Thursday, April 28, 2011

Speaking out about kids, football, and traumatic brain injury

I attended a Grand Rounds on Chronic Traumatic Encephalopathy (CTE) and the NFL earlier this year given by neuropathologist Dr. Daniel Perl. It was eye-opening for me. Despite all the recent media attention given to cases of NFL players being diagnosed with the disorder post-mortem (usually following untimely deaths due to suicide or bizarre "accidents"), it hadn't really penetrated my consciousness. But to see the actual images of abnormal tau protein staining in these relatively young brains - heaps and tangles similar to Alzheimer's but in slightly different locations - well, it was chilling. Even more chilling was hearing about these findings in younger players, those without years and years of professional-level play. Including those without many (or any reported) concussions. I started thinking about all of the children in the US who play tackle football and wondering: When are these changes happening? Why aren't we talking about this re: children? How many mothers might not realize that their children could be sustaining irreversible injuries that only manifest many years later? This. is. huge.

I debated whether or not to write about the issue. On the one hand, I felt passionately that discussing these issues was a matter of public health. Yet, I also weighed this against the likely backlash from football supporters and the kinds of personal attacks that commonly happen on the comment pages of online media forums.

In the end, I decided that this was too-important of an issue not to write about, stick and stones notwithstanding. My op-ed is in today's USA Today. Would love to hear your thoughts (including dissenting!), mothers in medicine, about this issue. Do you (would you) allow your children to play football? Do you think developing CTE is a reason for concern in kids? What do you think should be done to protect kids who play? Pediatricians, do you discuss this with your patients/parents?


  1. I remember my sister's explanation for letting her son play football. He was a big kid (the football type) and he REALLY wanted to play. She said "No" until she saw one of his soccer games where there were hard hits to the head without helmets...Her conclusion: She would rather have him playing football where there was padding and a helmet, than playing soccer...
    Personally, I don't go along with that reasoning and am VERY glad that my son was on the small side and never really considered football.
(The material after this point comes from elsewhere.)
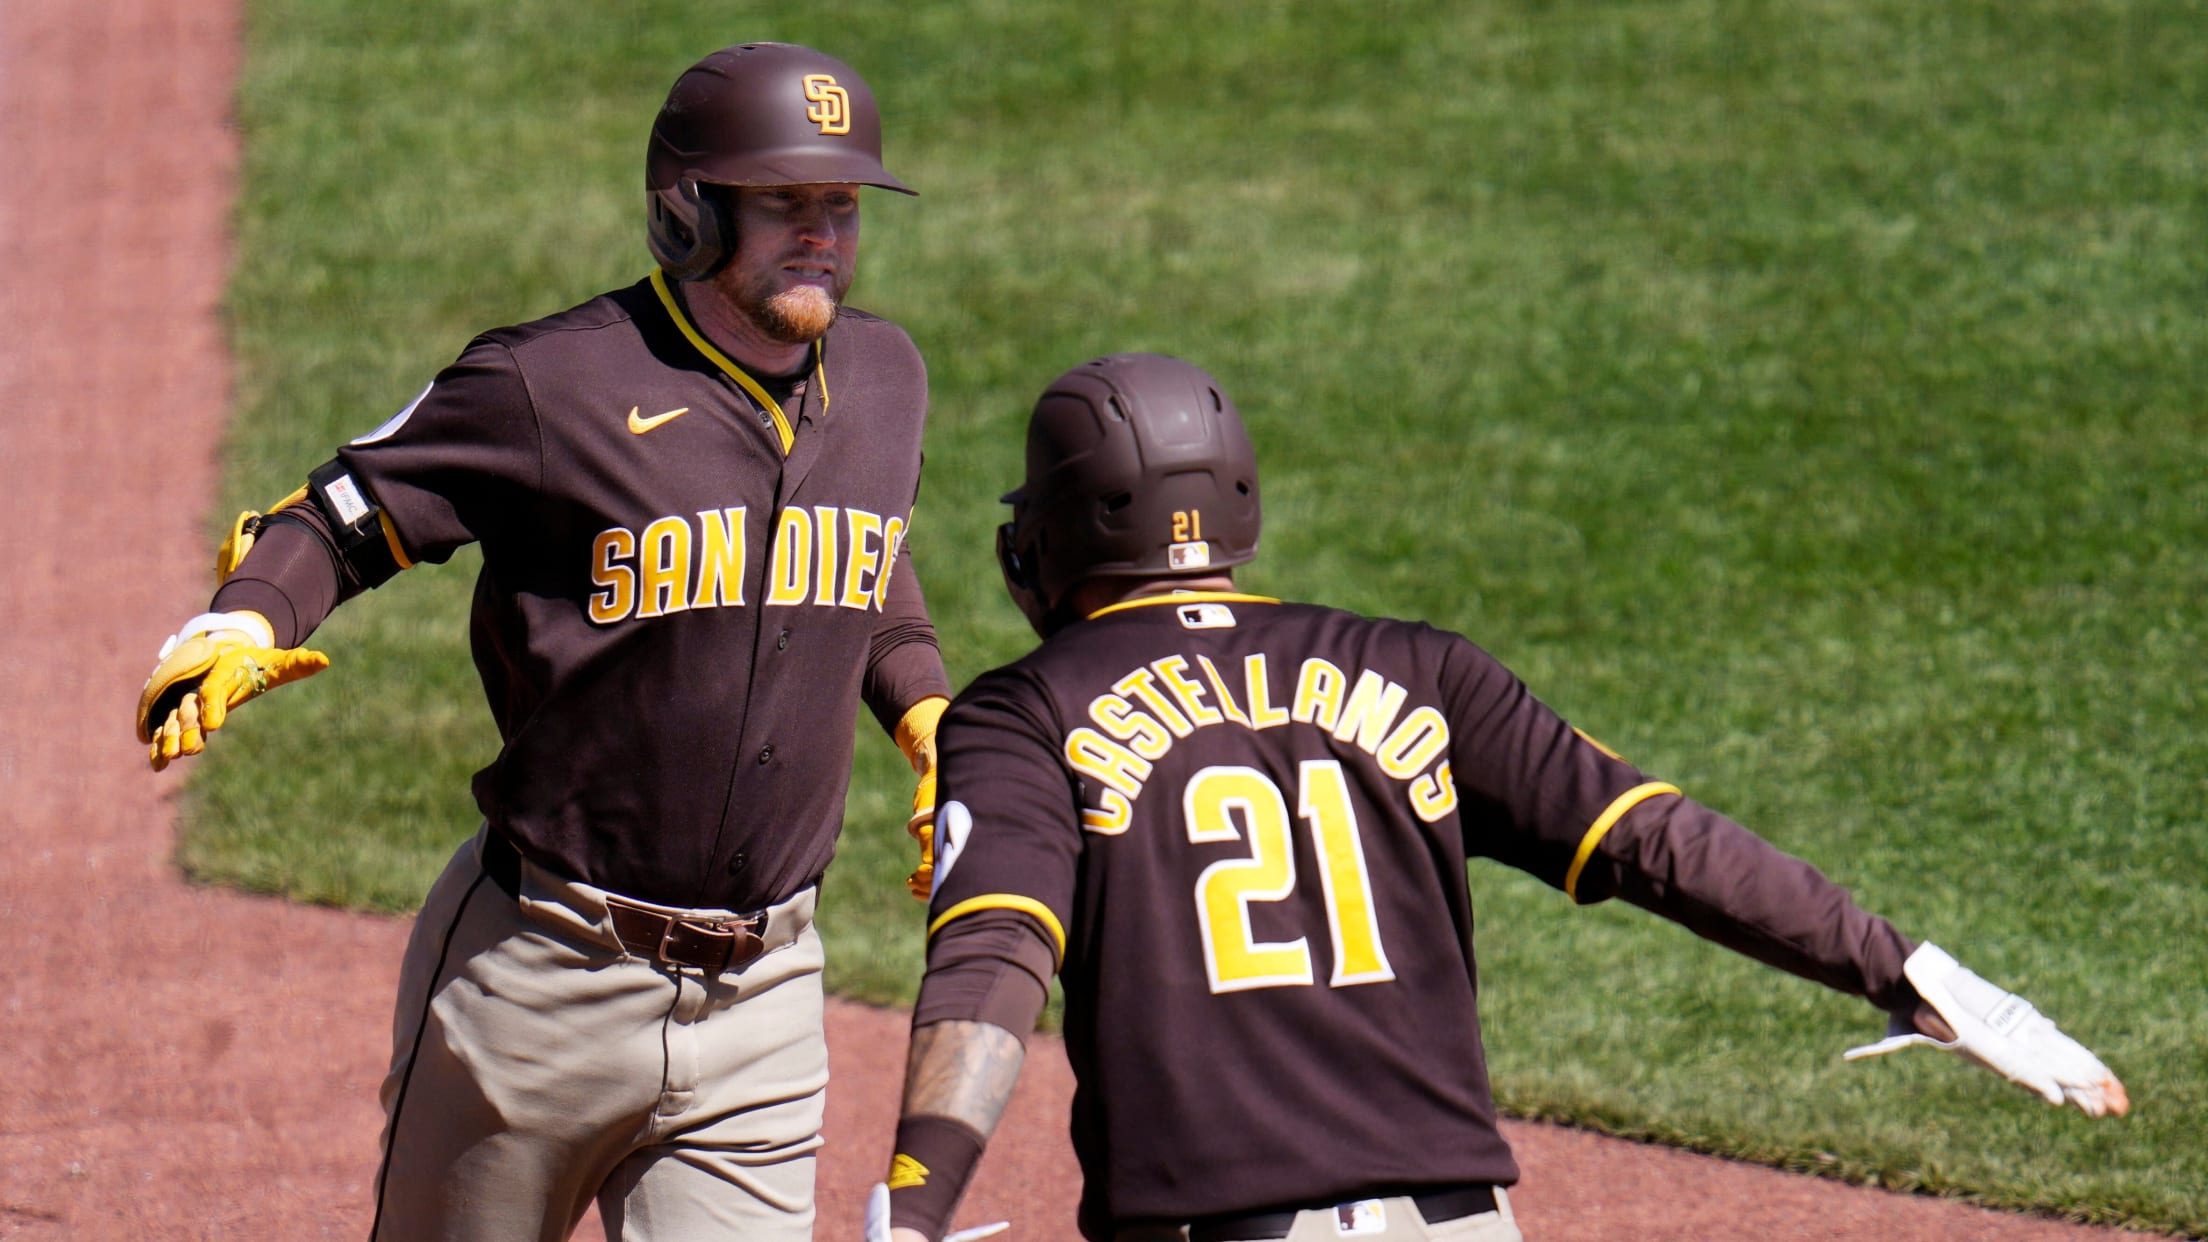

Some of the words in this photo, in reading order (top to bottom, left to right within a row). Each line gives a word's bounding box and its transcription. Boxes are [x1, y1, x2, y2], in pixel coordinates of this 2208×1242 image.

  2. It's not just kids who play football who are at risk of TBI and CTE. I regularly discuss helmets and head injuries with my clients who ride and drive horses, especially those whose children ride. Every kid who rides should own and use an appropriate helmet, as should every adult - especially those whose kids watch them ride.

  3. TBI is a big issue in Canada at the moment because of hockey and because the NHL isn't really doing anything worthwhile to help prevent problems. I would agree with the many who are saying they should ban hits to the head as the NFL has done, but they're dragging their heels saying "it's part of the game" - not wearing helmets used to be "part of the game" too but that changed! All while a player who was probably the top player in hockey today, Sidney Crosby, has been out since January with ongoing concussion symptoms/post-concussion syndrome. And recently a former NHL player who passed away in his mid-40's was shown to have CTE changes in his brain as well.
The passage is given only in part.